**Records from a data source**
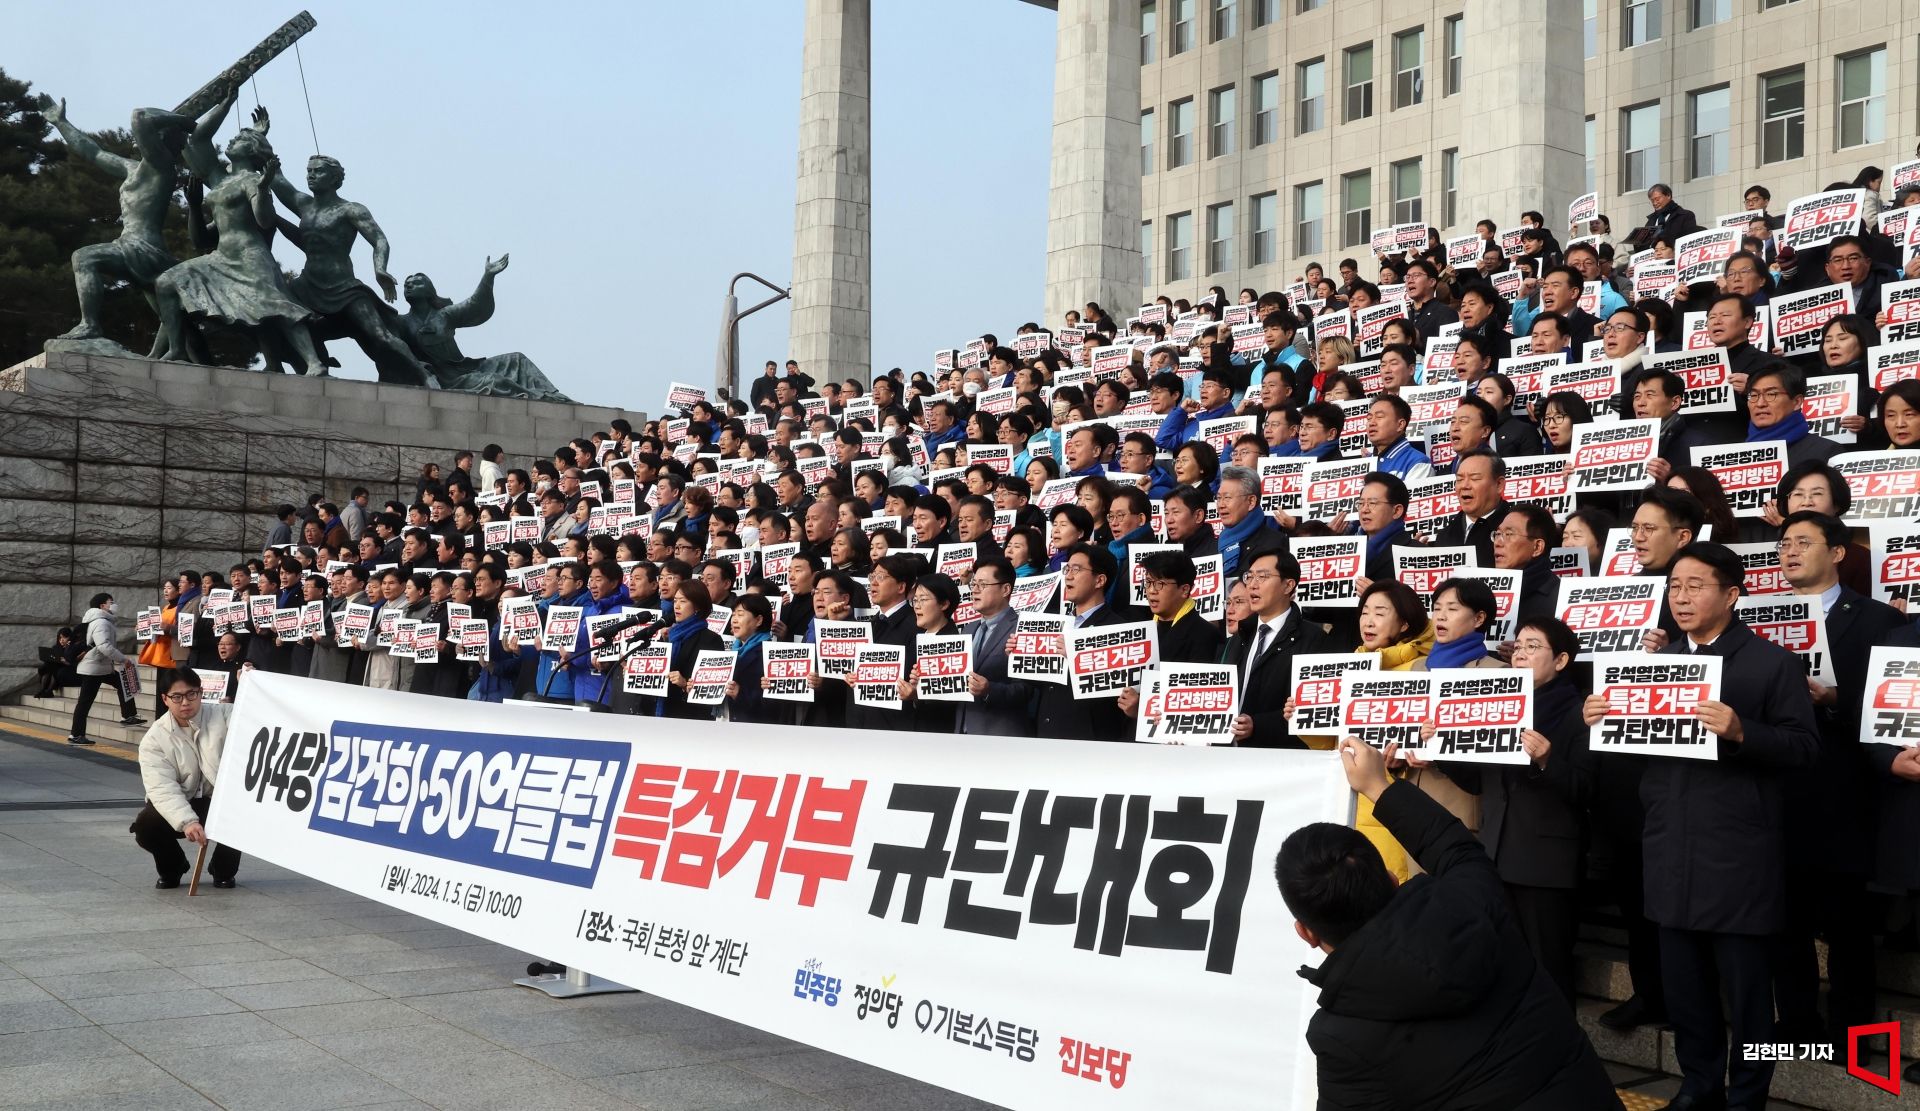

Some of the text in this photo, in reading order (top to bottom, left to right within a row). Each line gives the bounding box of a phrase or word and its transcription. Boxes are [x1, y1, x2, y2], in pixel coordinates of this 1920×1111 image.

[1792, 193, 1855, 216] 윤석열정권의
[1791, 204, 1851, 231] 특검 거부
[1680, 230, 1734, 253] 윤석열정권의
[1787, 220, 1855, 247] 규탄한다!
[1680, 243, 1731, 269] 특검 거부
[1778, 289, 1843, 315] 윤석열정권의
[1362, 306, 1401, 323] 윤석열정권의
[1550, 365, 1613, 385] 윤석열정권의
[1691, 369, 1720, 386] 거부
[980, 391, 1012, 403] 윤석열정권의
[1407, 387, 1461, 403] 윤석열정권의
[1411, 403, 1433, 420] 특검
[1808, 397, 1844, 416] 거부
[1581, 425, 1650, 443] 윤석열정권의
[970, 449, 1008, 459] 윤석열정권의
[1581, 441, 1651, 463] 김건희방탄
[1701, 447, 1778, 468] 윤석열정권의
[1311, 463, 1370, 481] 윤석열정권의
[1576, 463, 1649, 487] 거부한다!
[1264, 476, 1284, 492] 특검
[1312, 482, 1338, 500] 특검
[1503, 480, 1530, 499] 특검
[1871, 473, 1917, 494] 거부
[1406, 501, 1433, 519] 특검
[764, 547, 796, 561] 윤석열정권의
[943, 547, 974, 561] 윤석열정권의
[1297, 542, 1357, 559] 윤석열정권의
[765, 561, 776, 574] 특검
[1300, 556, 1355, 579] 특검 거부
[1400, 553, 1466, 569] 윤석열정권의
[1297, 578, 1358, 601] 규탄한다!
[1402, 573, 1431, 591] 특검
[1568, 583, 1655, 604] 윤석열정권의
[526, 615, 538, 626] 거부
[1566, 603, 1645, 629] 특검 거부
[820, 627, 866, 638] 윤석열정권의
[1074, 627, 1146, 651] 윤석열정권의
[918, 641, 965, 656] 윤석열정권의
[1016, 635, 1036, 653] 특검
[700, 656, 733, 667] 윤석열정권의
[768, 648, 809, 660] 윤석열정권의
[859, 651, 900, 662] 윤석열정권의
[1079, 644, 1145, 670] 특검 거부
[629, 660, 664, 673] 특검 거부
[769, 661, 807, 676] 특검 거부
[857, 666, 898, 680] 김건희방탄
[920, 655, 963, 674] 특검 거부
[1013, 656, 1064, 674] 규탄한다!
[1605, 663, 1707, 684] 윤석열정권의
[627, 675, 665, 689] 규탄한다!
[769, 679, 809, 694] 규탄한다!
[921, 676, 970, 695] 규탄한다!
[1168, 671, 1230, 686] 윤석열정권의
[1440, 677, 1522, 697] 윤석열정권의
[857, 684, 898, 701] 거부한다!
[1300, 681, 1333, 703] 특검
[1351, 680, 1430, 697] 윤석열정권의
[1167, 691, 1230, 710] 김건희방탄
[1610, 687, 1699, 712] 특검 거부
[1352, 701, 1389, 723] 특검
[1391, 699, 1427, 721] 거부
[1439, 704, 1521, 724] 김건희방탄
[1165, 713, 1234, 734] 거부한다!
[1601, 717, 1707, 745] 규탄한다!
[1439, 728, 1523, 754] 거부한다!
[244, 727, 328, 812] 야4당
[866, 782, 1264, 975] 규탄대회
[622, 919, 655, 955] 국회
[654, 925, 690, 962] 본청
[689, 934, 710, 967] 앞
[710, 939, 748, 976] 계단
[794, 969, 841, 1007] 민주당
[854, 984, 903, 1029] 정의당
[934, 1005, 1039, 1062] 기본소득당
[1058, 1036, 1131, 1089] 진보당
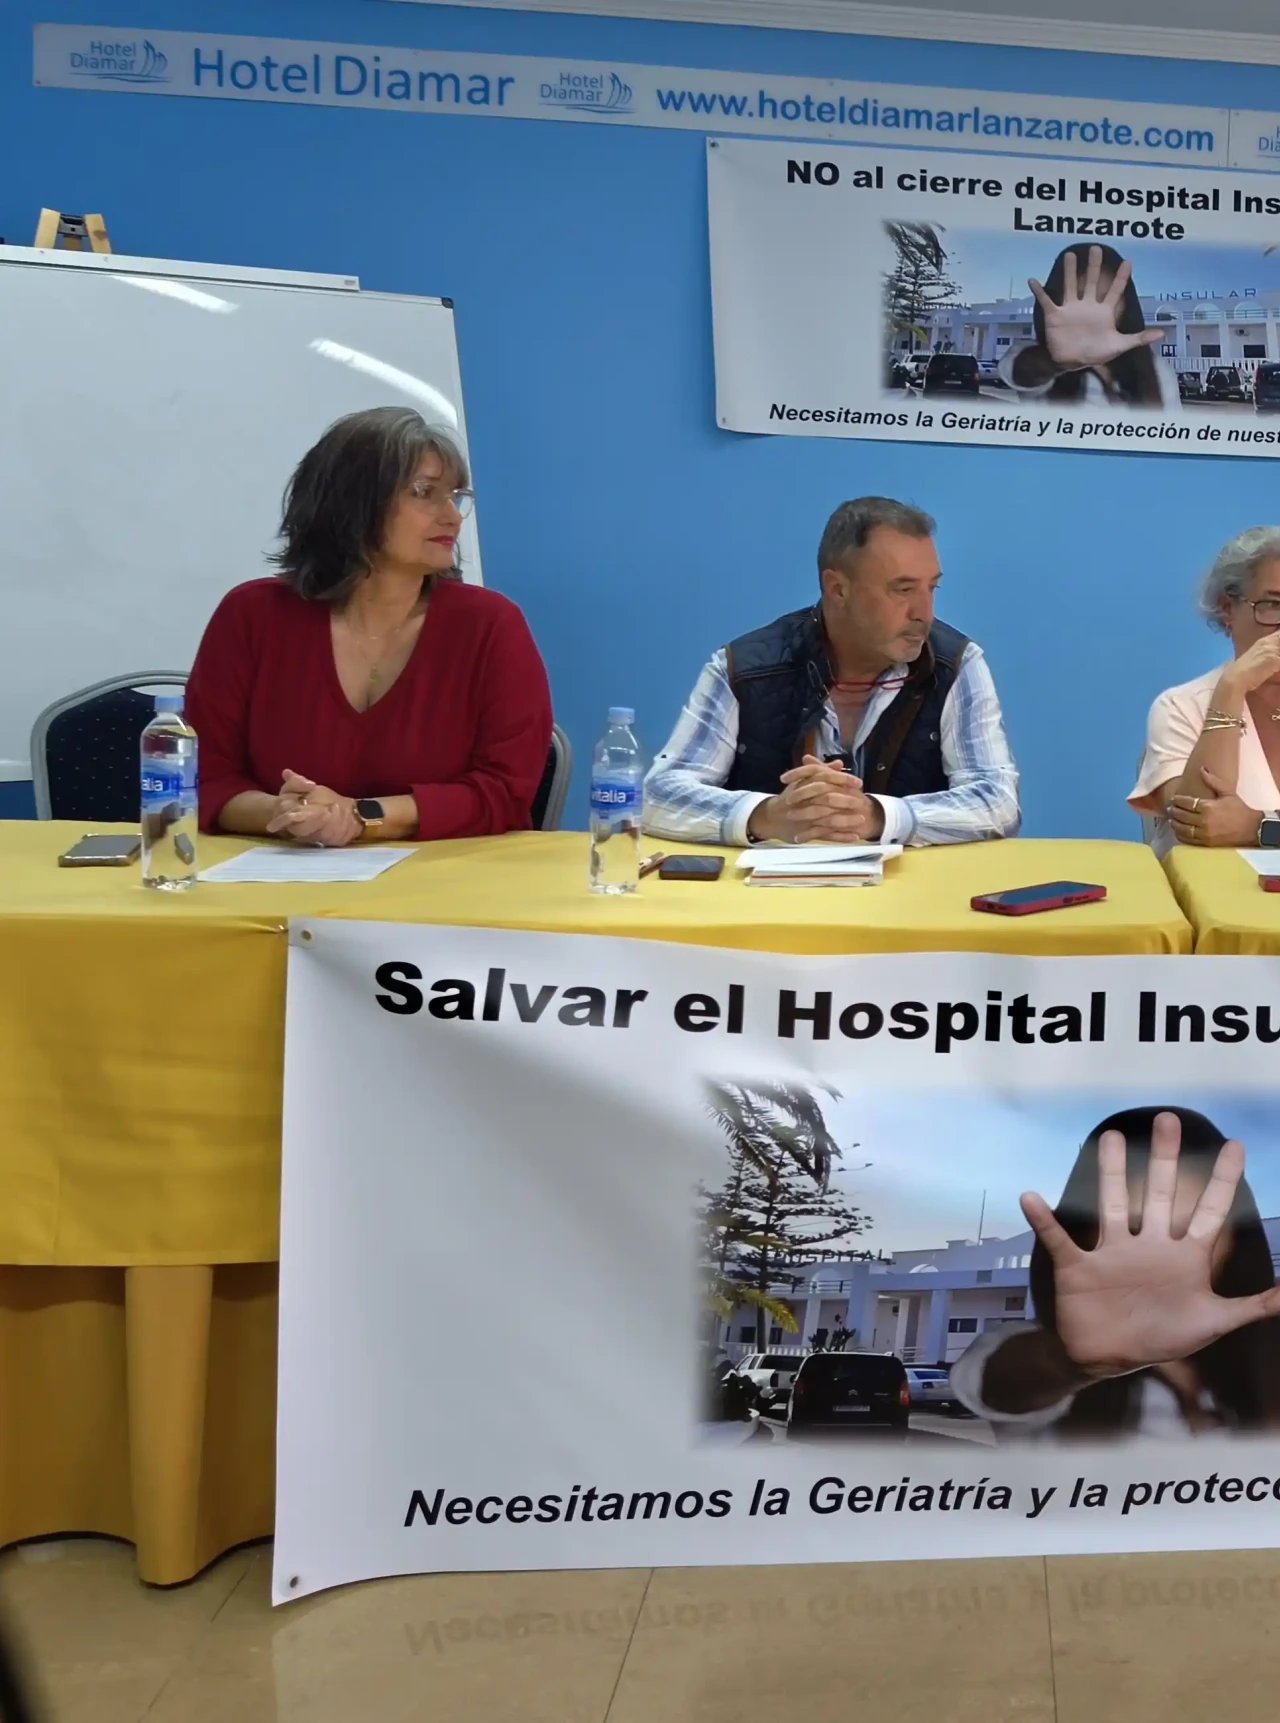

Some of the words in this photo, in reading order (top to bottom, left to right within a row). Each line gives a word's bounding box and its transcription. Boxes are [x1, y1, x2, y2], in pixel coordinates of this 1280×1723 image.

[70, 52, 136, 70] Diamar
[90, 41, 136, 57] Hotel
[194, 47, 320, 95] Hotel
[335, 56, 515, 107] Diamar
[540, 83, 604, 102] Diamar
[560, 72, 604, 89] Hotel
[656, 85, 1214, 152] www.hoteldiamarlanzarote.com
[787, 159, 840, 186] NO
[852, 165, 884, 190] al
[896, 169, 1003, 198] cierre
[1014, 176, 1066, 202] del
[1078, 180, 1220, 214] Hospital
[1013, 207, 1185, 241] Lanzarote
[1159, 288, 1257, 301] INSULAR
[769, 403, 909, 427] Necesitamos
[916, 411, 934, 427] la
[941, 412, 1031, 433] Geriatría
[1036, 421, 1051, 437] y
[1056, 418, 1074, 434] la
[1079, 421, 1191, 440] protección
[1196, 425, 1222, 442] de
[375, 961, 649, 1029] Salvar
[673, 984, 745, 1034] el
[777, 989, 1106, 1054] Hospital
[403, 1484, 733, 1528] Necesitamos
[748, 1479, 791, 1516] la
[809, 1476, 1013, 1515] Geriatría
[1025, 1487, 1058, 1519] y
[1069, 1477, 1109, 1508] la
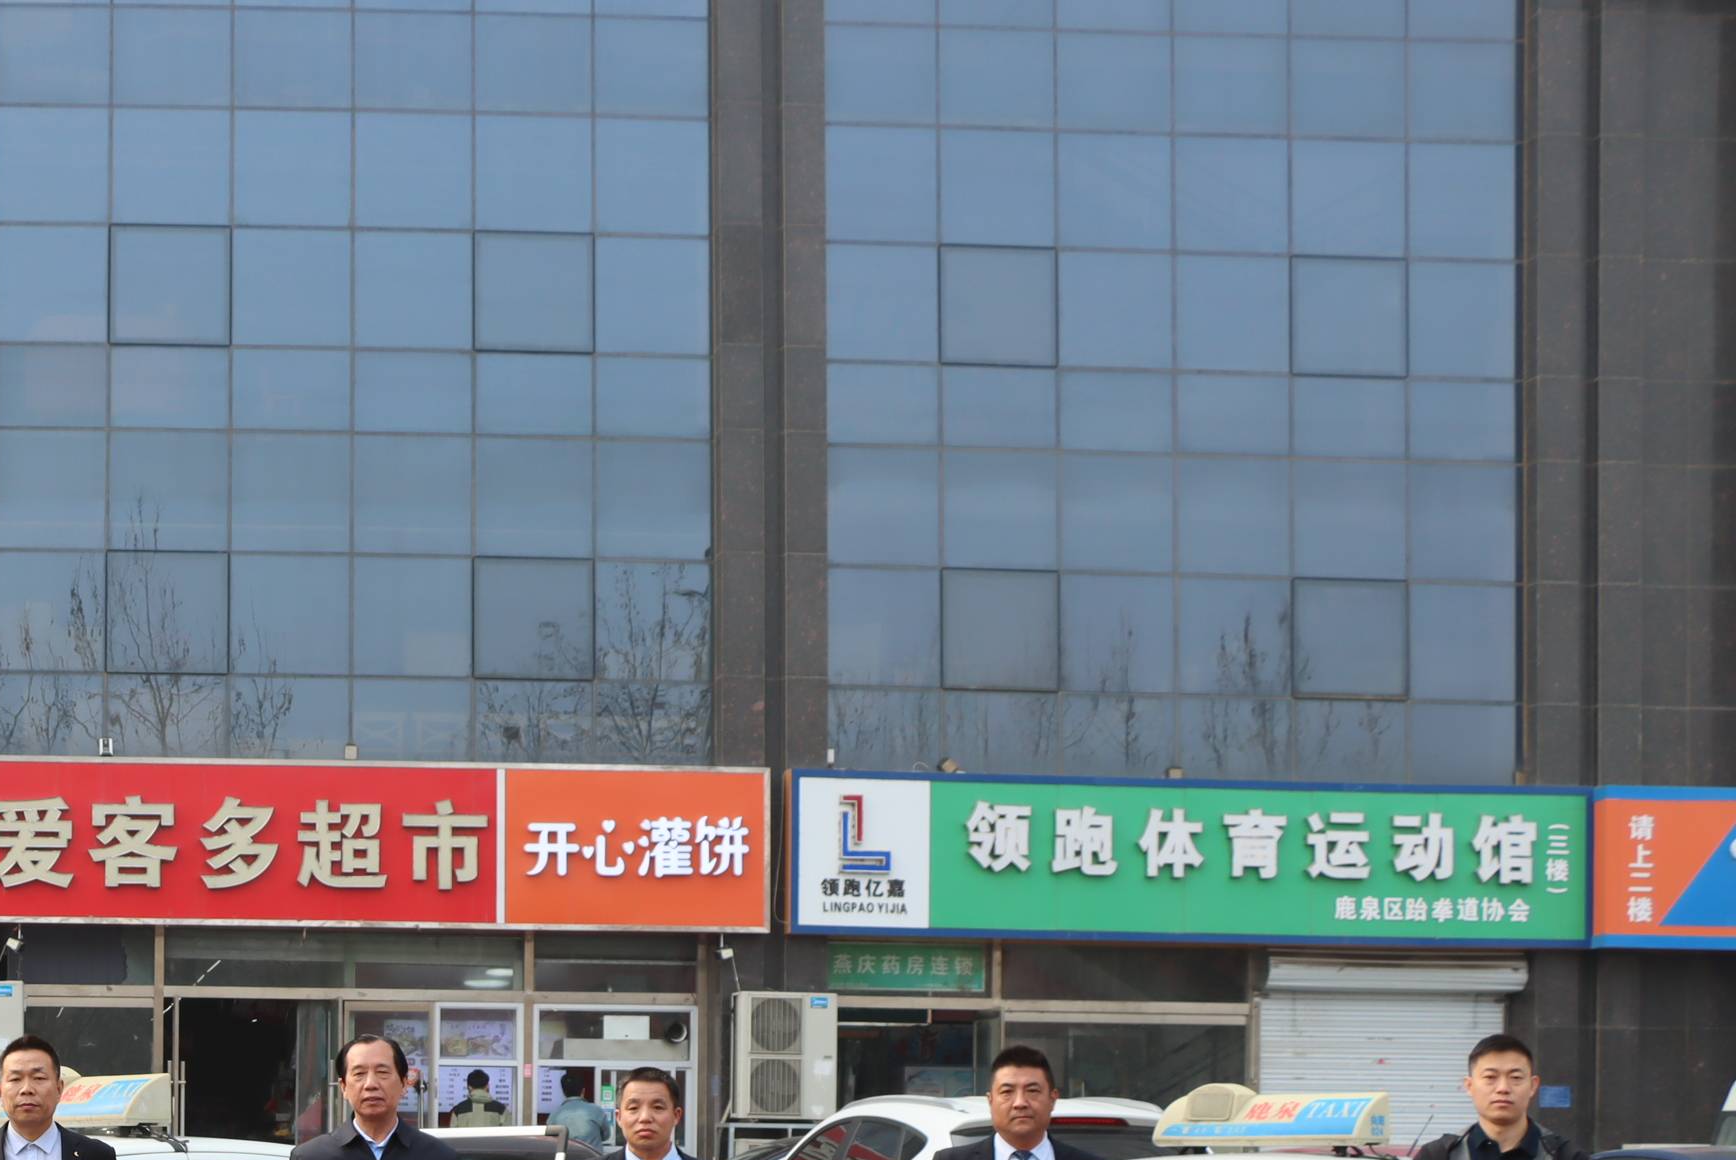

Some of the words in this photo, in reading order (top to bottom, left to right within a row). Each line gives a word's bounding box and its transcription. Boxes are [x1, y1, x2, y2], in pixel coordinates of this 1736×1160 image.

[524, 816, 750, 878] 开心灌饼
[966, 800, 1539, 884] 领跑体育运动馆
[1627, 814, 1655, 923] 请上二楼
[821, 878, 906, 898] 领跑亿嘉
[822, 901, 875, 914] LINGPAO
[877, 902, 908, 915] YIJIA
[1334, 895, 1531, 923] 鹿泉区跆拳道协会
[833, 953, 974, 977] 燕庆药房连锁
[1244, 1101, 1301, 1121] 鹿泉
[1306, 1100, 1368, 1121] TAXI

**EXERCISE DIRECTIONS**
Your response must reproduce every line of the data exactly, with images omitted.

**REPLY**
Some of the text in this photo, in reading order (top to bottom, left to right within a row). Each line gives the bounding box of a phrase or word and its transcription. Boxes are [x1, y1, x2, y2], in pixel coordinates of this 1920×1111 image.

[1792, 193, 1855, 216] 윤석열정권의
[1791, 204, 1851, 231] 특검 거부
[1680, 230, 1734, 253] 윤석열정권의
[1787, 220, 1855, 247] 규탄한다!
[1680, 243, 1731, 269] 특검 거부
[1778, 289, 1843, 315] 윤석열정권의
[1362, 306, 1401, 323] 윤석열정권의
[1550, 365, 1613, 385] 윤석열정권의
[1691, 369, 1720, 386] 거부
[980, 391, 1012, 403] 윤석열정권의
[1407, 387, 1461, 403] 윤석열정권의
[1411, 403, 1433, 420] 특검
[1808, 397, 1844, 416] 거부
[1581, 425, 1650, 443] 윤석열정권의
[970, 449, 1008, 459] 윤석열정권의
[1581, 441, 1651, 463] 김건희방탄
[1701, 447, 1778, 468] 윤석열정권의
[1311, 463, 1370, 481] 윤석열정권의
[1576, 463, 1649, 487] 거부한다!
[1264, 476, 1284, 492] 특검
[1312, 482, 1338, 500] 특검
[1503, 480, 1530, 499] 특검
[1871, 473, 1917, 494] 거부
[1406, 501, 1433, 519] 특검
[764, 547, 796, 561] 윤석열정권의
[943, 547, 974, 561] 윤석열정권의
[1297, 542, 1357, 559] 윤석열정권의
[765, 561, 776, 574] 특검
[1300, 556, 1355, 579] 특검 거부
[1400, 553, 1466, 569] 윤석열정권의
[1297, 578, 1358, 601] 규탄한다!
[1402, 573, 1431, 591] 특검
[1568, 583, 1655, 604] 윤석열정권의
[526, 615, 538, 626] 거부
[1566, 603, 1645, 629] 특검 거부
[820, 627, 866, 638] 윤석열정권의
[1074, 627, 1146, 651] 윤석열정권의
[918, 641, 965, 656] 윤석열정권의
[1016, 635, 1036, 653] 특검
[700, 656, 733, 667] 윤석열정권의
[768, 648, 809, 660] 윤석열정권의
[859, 651, 900, 662] 윤석열정권의
[1079, 644, 1145, 670] 특검 거부
[629, 660, 664, 673] 특검 거부
[769, 661, 807, 676] 특검 거부
[857, 666, 898, 680] 김건희방탄
[920, 655, 963, 674] 특검 거부
[1013, 656, 1064, 674] 규탄한다!
[1605, 663, 1707, 684] 윤석열정권의
[627, 675, 665, 689] 규탄한다!
[769, 679, 809, 694] 규탄한다!
[921, 676, 970, 695] 규탄한다!
[1168, 671, 1230, 686] 윤석열정권의
[1440, 677, 1522, 697] 윤석열정권의
[857, 684, 898, 701] 거부한다!
[1300, 681, 1333, 703] 특검
[1351, 680, 1430, 697] 윤석열정권의
[1167, 691, 1230, 710] 김건희방탄
[1610, 687, 1699, 712] 특검 거부
[1352, 701, 1389, 723] 특검
[1391, 699, 1427, 721] 거부
[1439, 704, 1521, 724] 김건희방탄
[1165, 713, 1234, 734] 거부한다!
[1601, 717, 1707, 745] 규탄한다!
[1439, 728, 1523, 754] 거부한다!
[244, 727, 328, 812] 야4당
[866, 782, 1264, 975] 규탄대회
[622, 919, 655, 955] 국회
[654, 925, 690, 962] 본청
[689, 934, 710, 967] 앞
[710, 939, 748, 976] 계단
[794, 969, 841, 1007] 민주당
[854, 984, 903, 1029] 정의당
[934, 1005, 1039, 1062] 기본소득당
[1058, 1036, 1131, 1089] 진보당

Some of the words in this photo, in reading order (top to bottom, left to right within a row). Each line gives a word's bounding box and its transcription. Boxes are [x1, y1, x2, y2], in pixel coordinates of this 1280×1723 image.

[70, 52, 136, 70] Diamar
[90, 41, 136, 57] Hotel
[194, 47, 320, 95] Hotel
[335, 56, 515, 107] Diamar
[540, 83, 604, 102] Diamar
[560, 72, 604, 89] Hotel
[656, 85, 1214, 152] www.hoteldiamarlanzarote.com
[787, 159, 840, 186] NO
[852, 165, 884, 190] al
[896, 169, 1003, 198] cierre
[1014, 176, 1066, 202] del
[1078, 180, 1220, 214] Hospital
[1013, 207, 1185, 241] Lanzarote
[1159, 288, 1257, 301] INSULAR
[769, 403, 909, 427] Necesitamos
[916, 411, 934, 427] la
[941, 412, 1031, 433] Geriatría
[1036, 421, 1051, 437] y
[1056, 418, 1074, 434] la
[1079, 421, 1191, 440] protección
[1196, 425, 1222, 442] de
[375, 961, 649, 1029] Salvar
[673, 984, 745, 1034] el
[777, 989, 1106, 1054] Hospital
[403, 1484, 733, 1528] Necesitamos
[748, 1479, 791, 1516] la
[809, 1476, 1013, 1515] Geriatría
[1025, 1487, 1058, 1519] y
[1069, 1477, 1109, 1508] la

Some of the words in this photo, in reading order (top to bottom, left to right within a row). Each line gives a word's bounding box and its transcription. Boxes are [x1, y1, x2, y2], in pixel coordinates of this 1736×1160 image.

[524, 816, 750, 878] 开心灌饼
[966, 800, 1539, 884] 领跑体育运动馆
[1627, 814, 1655, 923] 请上二楼
[821, 878, 906, 898] 领跑亿嘉
[822, 901, 875, 914] LINGPAO
[877, 902, 908, 915] YIJIA
[1334, 895, 1531, 923] 鹿泉区跆拳道协会
[833, 953, 974, 977] 燕庆药房连锁
[1244, 1101, 1301, 1121] 鹿泉
[1306, 1100, 1368, 1121] TAXI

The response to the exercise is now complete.